**WHAT YOU SHOULD DO:** From the first line to the last, give the records again exactly and skip the pictures.

═════ DATA ═════

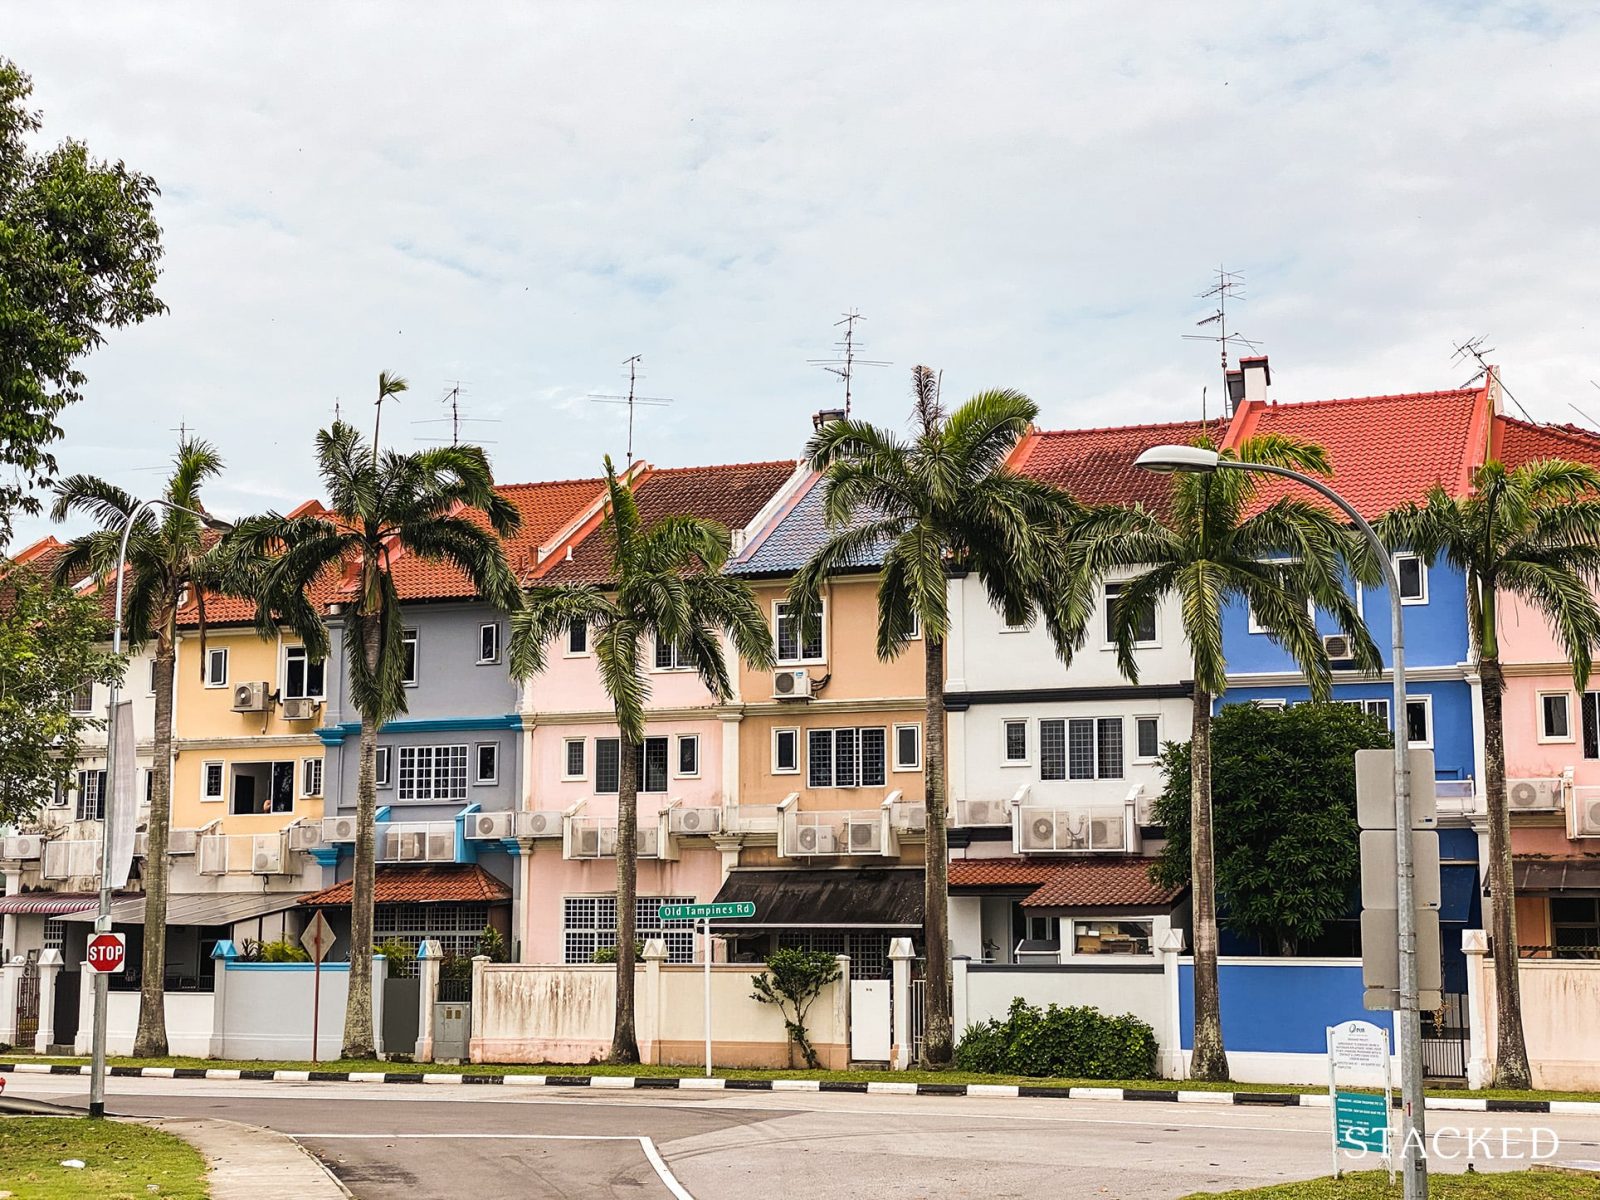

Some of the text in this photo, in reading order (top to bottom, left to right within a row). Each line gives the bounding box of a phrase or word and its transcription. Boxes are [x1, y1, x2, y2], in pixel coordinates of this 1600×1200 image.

[664, 904, 749, 917] Old Tampines Rd
[89, 945, 123, 961] STOP
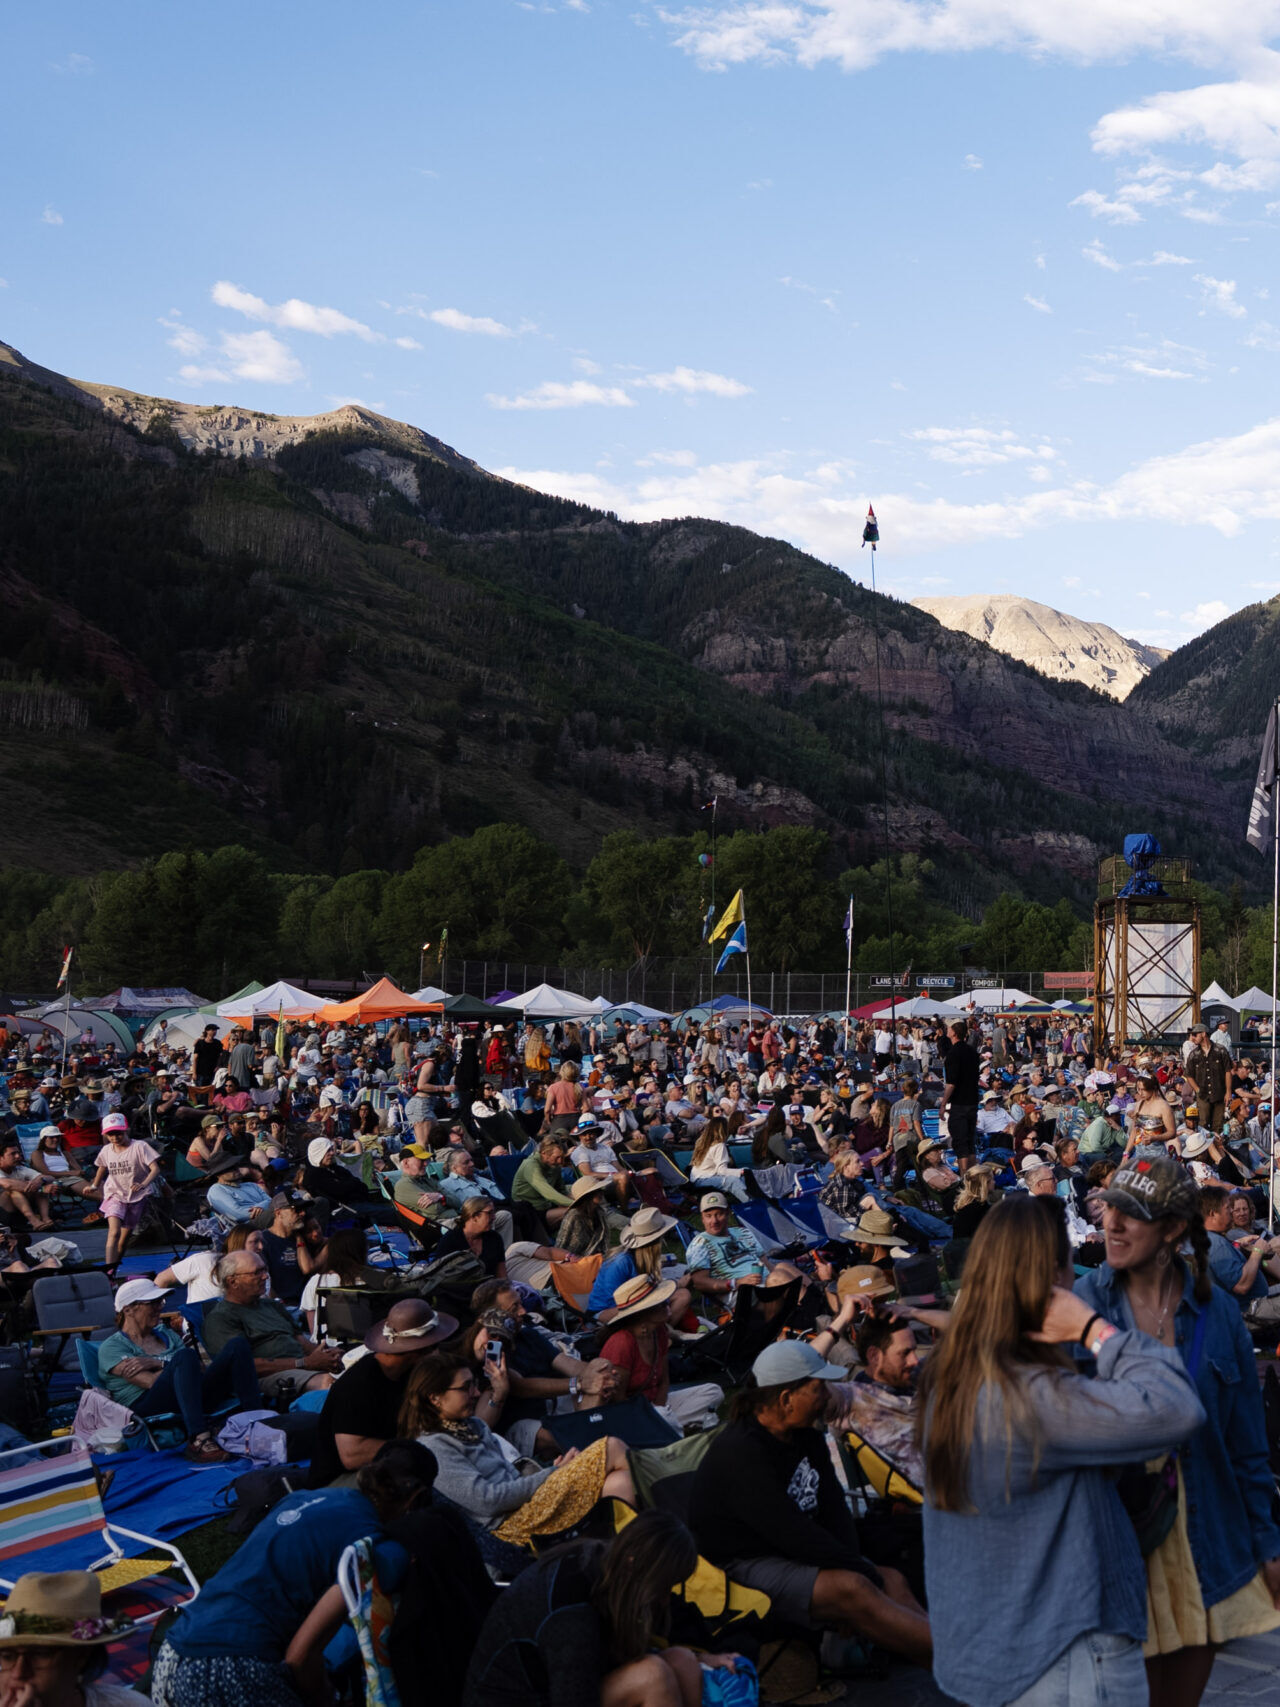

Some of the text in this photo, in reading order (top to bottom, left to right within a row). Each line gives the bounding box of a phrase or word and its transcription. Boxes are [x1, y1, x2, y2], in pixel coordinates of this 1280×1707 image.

[971, 979, 998, 987] COMPOST
[118, 1160, 129, 1168] NOT
[1131, 1173, 1157, 1195] LEG
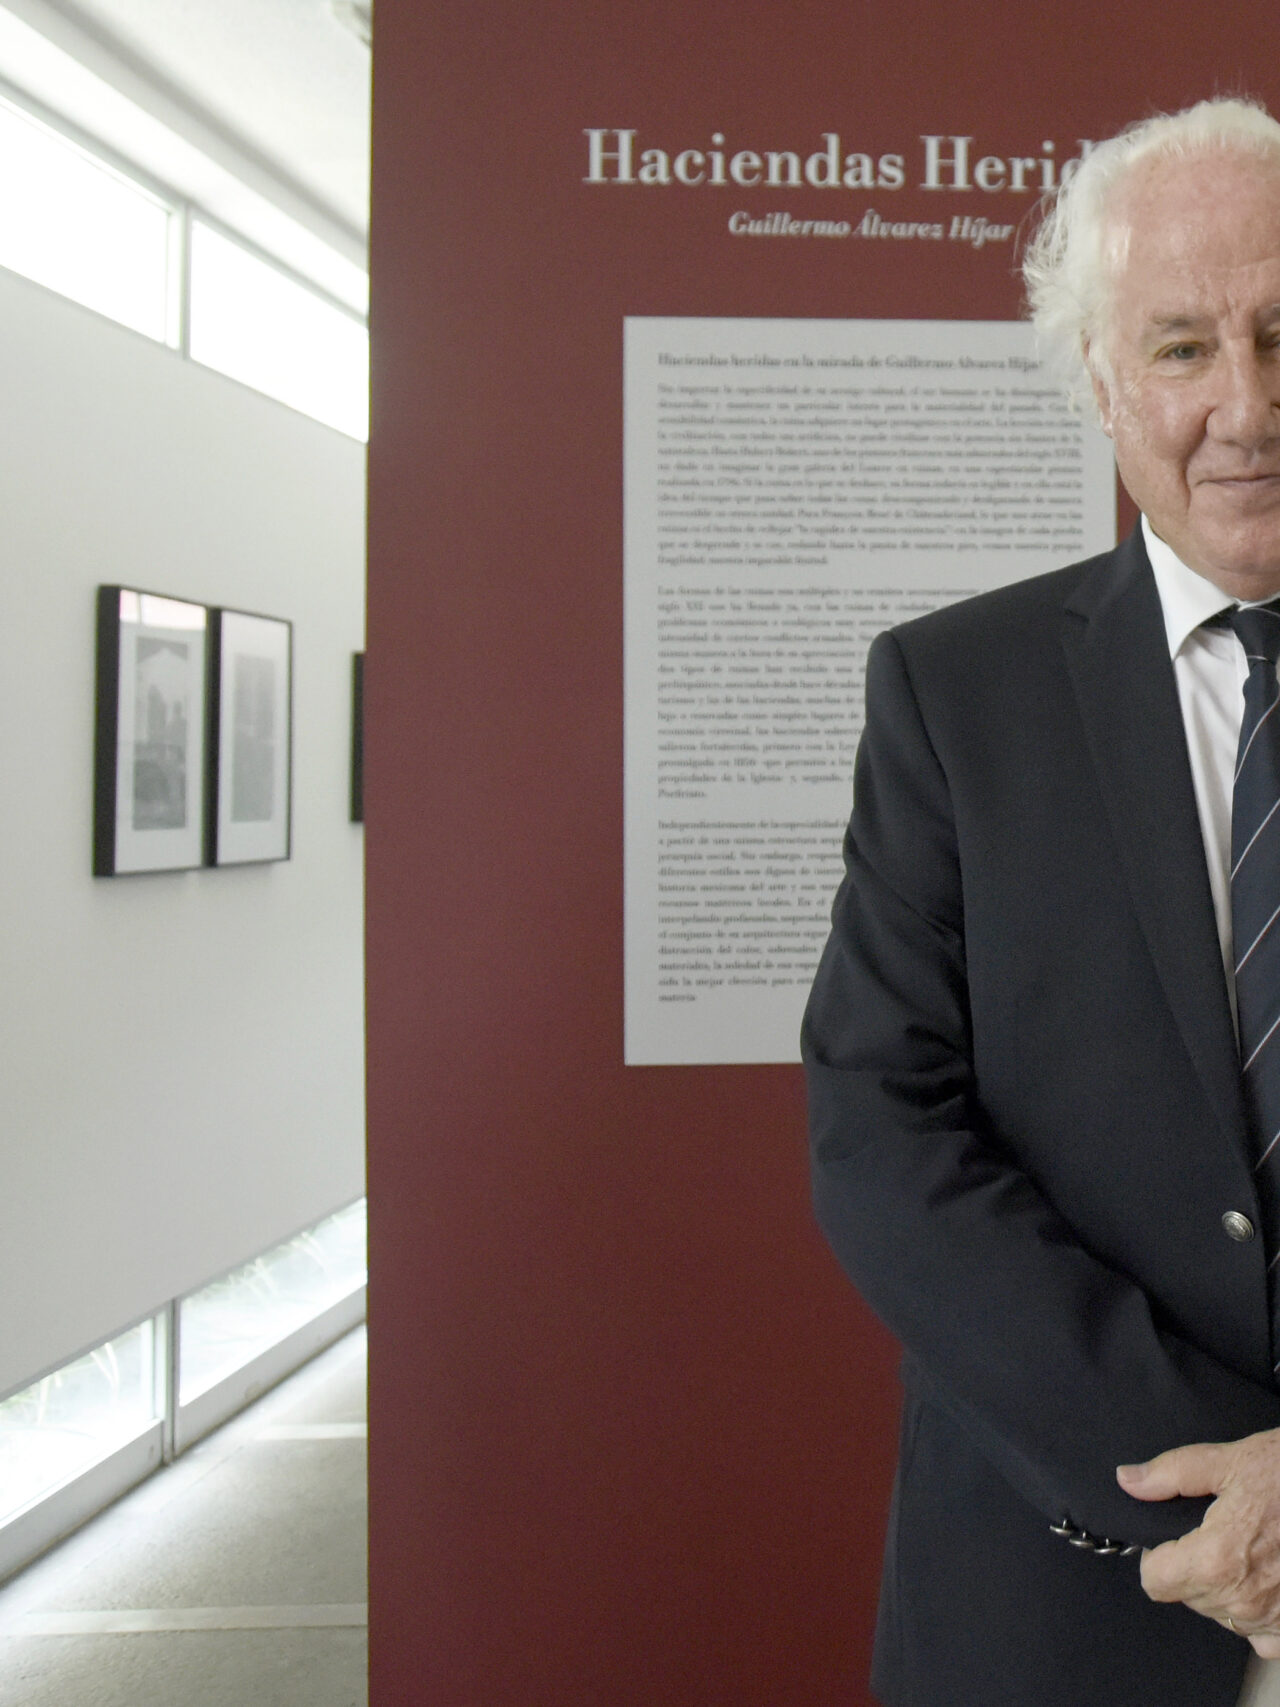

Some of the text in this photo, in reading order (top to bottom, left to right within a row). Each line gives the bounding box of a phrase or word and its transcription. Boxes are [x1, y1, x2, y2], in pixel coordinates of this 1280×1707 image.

═════

**SOLUTION TO THIS PROBLEM:**
Some of the text in this photo, in reading order (top to bottom, left to right within a row). Each line gives the bounding box of a phrase or word and its transcription. Boxes are [x1, y1, x2, y2], in pixel coordinates of this 1600×1200 image.

[664, 904, 749, 917] Old Tampines Rd
[89, 945, 123, 961] STOP

Some of the text in this photo, in reading order (top to bottom, left to right within a row). Each line gives the bounding box of a phrase or word and its transcription. Boxes are [x1, y1, x2, y2], in pixel coordinates of this 1280×1707 image.

[971, 979, 998, 987] COMPOST
[118, 1160, 129, 1168] NOT
[1131, 1173, 1157, 1195] LEG

Some of the text in this photo, in reading order (top to bottom, left to right within a row). Each line gives the bounding box of a phrase or word and its transcription. Boxes are [x1, y1, x2, y2], in pixel coordinates of this 1280×1707 image.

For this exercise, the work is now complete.